After sizing up each man, she either nodded for him to grab a lance from the wagon or shook her head and sent him away. She never spoke. Each man silently accepted her decision.

Leif knew he would be selected. They need an eager young hunter in their aging ranks. He approached the woman with the axe.

“My name is–”

“Shut it! Don’t speak to Lady Hilde of the Eastlands until spoken to,” a man in armour said.
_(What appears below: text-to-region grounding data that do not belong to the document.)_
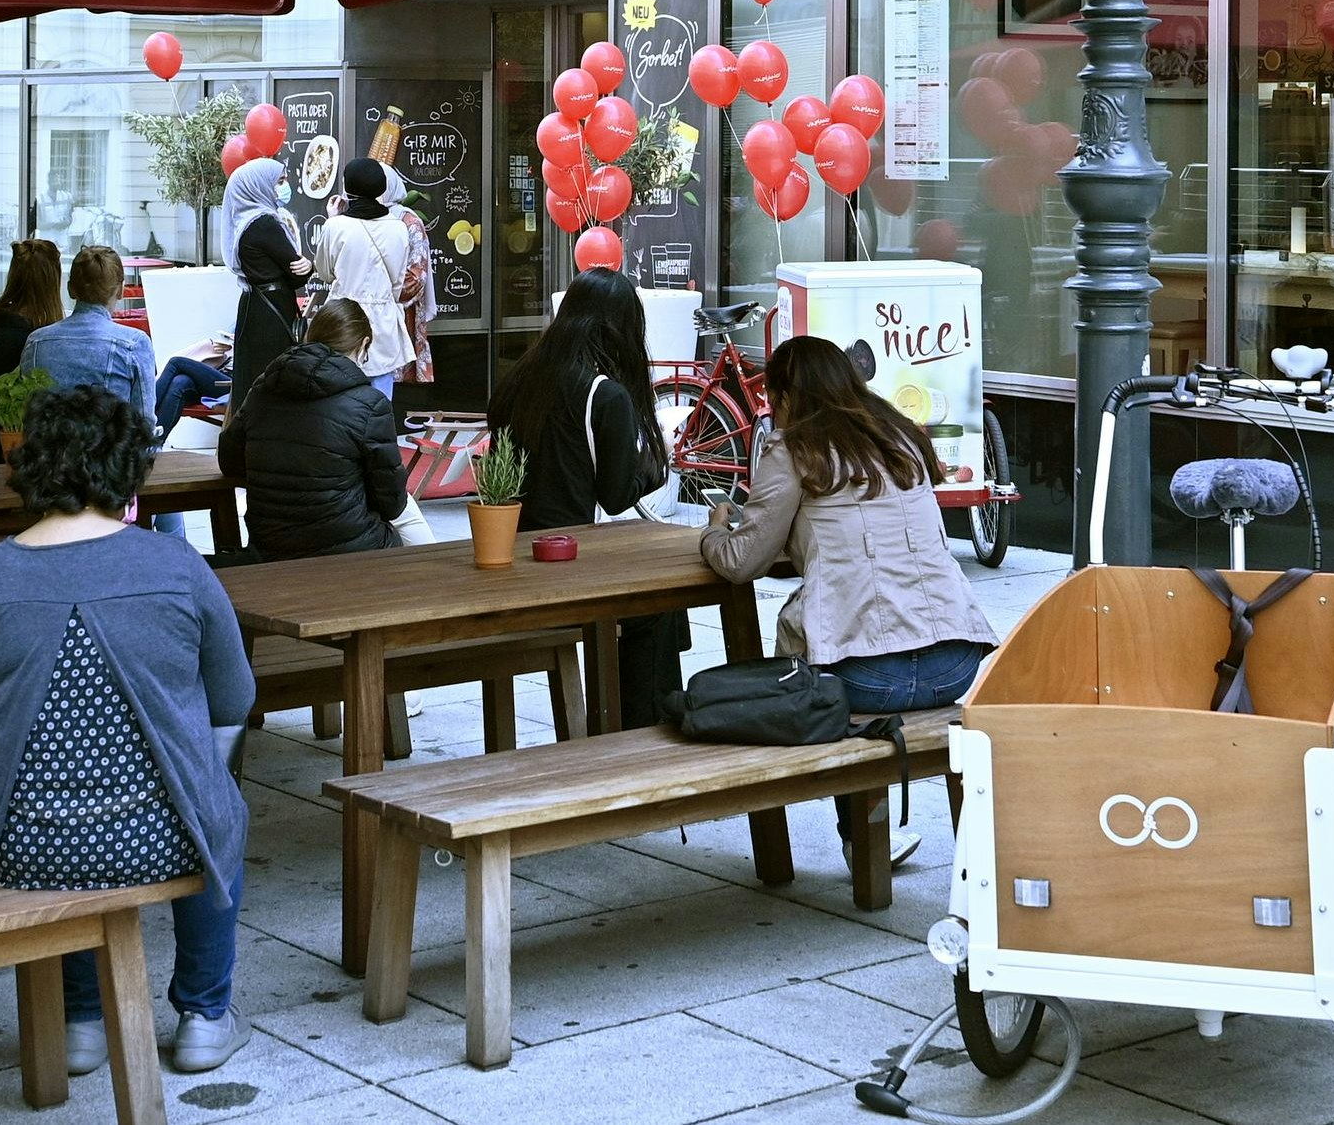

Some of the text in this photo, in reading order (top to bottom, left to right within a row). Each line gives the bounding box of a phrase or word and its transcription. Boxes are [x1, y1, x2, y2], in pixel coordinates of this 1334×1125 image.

[632, 6, 650, 19] NEU
[635, 38, 688, 79] Sorbet!
[288, 103, 328, 117] PASTA ODER
[296, 120, 318, 134] PIZZA?
[403, 134, 428, 149] GIB
[431, 134, 457, 149] MIR
[410, 149, 446, 166] FÜNF!
[875, 302, 902, 328] so
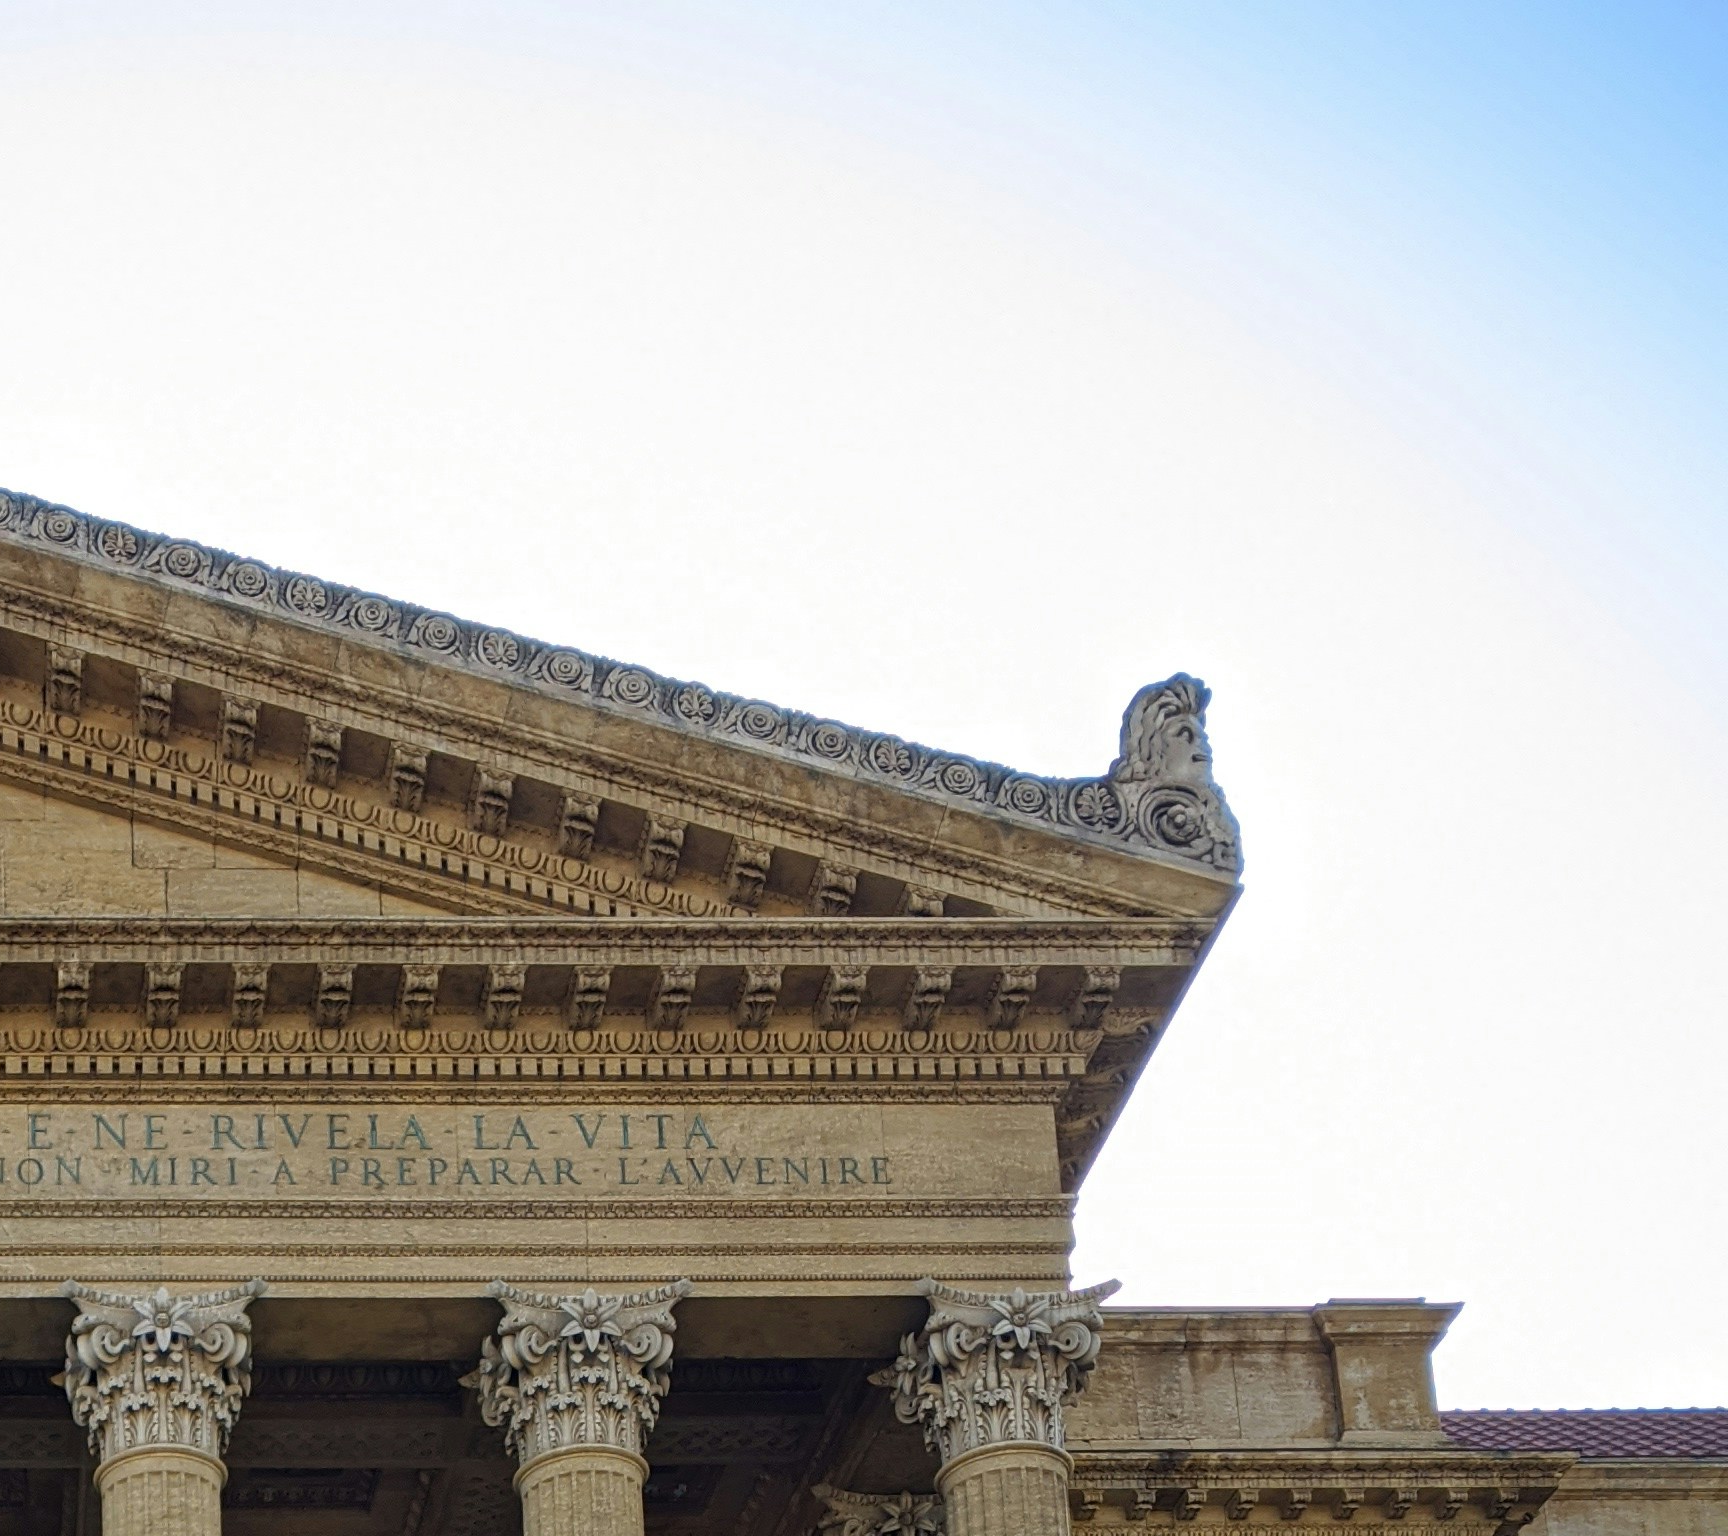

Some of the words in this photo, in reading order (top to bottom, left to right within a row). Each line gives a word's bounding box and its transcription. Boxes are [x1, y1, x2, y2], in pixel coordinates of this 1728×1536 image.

As Leif hesitated, Hilde pulled a lance from the wagon. Without warning, she lofted the metal bar through the air for him to catch. The heavy lance slipped from his hands. He lost his balance and splashed into the mud. Men laughed.

“Never drop your lance,” Hilde said, loud so everyone heard.

Coated in muck, Leif rose and retrieved the lance.

Hilde turned to the crowd.

“Our work is not for children.”

She beckoned for Leif to pass back the lance. Instead, he tightened his grip.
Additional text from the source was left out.